◆ **DATASET EXCERPTS**:
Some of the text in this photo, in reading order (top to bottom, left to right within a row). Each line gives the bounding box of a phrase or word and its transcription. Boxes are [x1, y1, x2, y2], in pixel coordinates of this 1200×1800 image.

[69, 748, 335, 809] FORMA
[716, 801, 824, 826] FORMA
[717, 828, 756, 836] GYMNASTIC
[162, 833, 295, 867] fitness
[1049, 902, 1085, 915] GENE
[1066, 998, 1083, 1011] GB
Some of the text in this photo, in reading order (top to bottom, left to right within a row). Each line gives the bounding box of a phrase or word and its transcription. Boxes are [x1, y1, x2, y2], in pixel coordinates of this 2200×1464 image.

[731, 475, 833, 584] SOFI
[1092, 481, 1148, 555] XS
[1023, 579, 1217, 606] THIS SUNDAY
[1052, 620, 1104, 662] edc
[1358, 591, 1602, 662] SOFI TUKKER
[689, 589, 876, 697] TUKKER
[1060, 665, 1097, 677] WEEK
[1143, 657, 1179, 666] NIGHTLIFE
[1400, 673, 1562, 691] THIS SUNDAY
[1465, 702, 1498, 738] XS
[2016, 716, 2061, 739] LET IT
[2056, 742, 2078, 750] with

◆ **PROBLEM TO SOLVE**: Beginning with the line that holds "this 2200×1464 image.", please return every line through the end of the data, exactly as written.

◆ **RESULT BELOW**:
Some of the text in this photo, in reading order (top to bottom, left to right within a row). Each line gives the bounding box of a phrase or word and its transcription. Boxes are [x1, y1, x2, y2], in pixel coordinates of this 2200×1464 image.

[731, 475, 833, 584] SOFI
[1092, 481, 1148, 555] XS
[1023, 579, 1217, 606] THIS SUNDAY
[1052, 620, 1104, 662] edc
[1358, 591, 1602, 662] SOFI TUKKER
[689, 589, 876, 697] TUKKER
[1060, 665, 1097, 677] WEEK
[1143, 657, 1179, 666] NIGHTLIFE
[1400, 673, 1562, 691] THIS SUNDAY
[1465, 702, 1498, 738] XS
[2016, 716, 2061, 739] LET IT
[2056, 742, 2078, 750] with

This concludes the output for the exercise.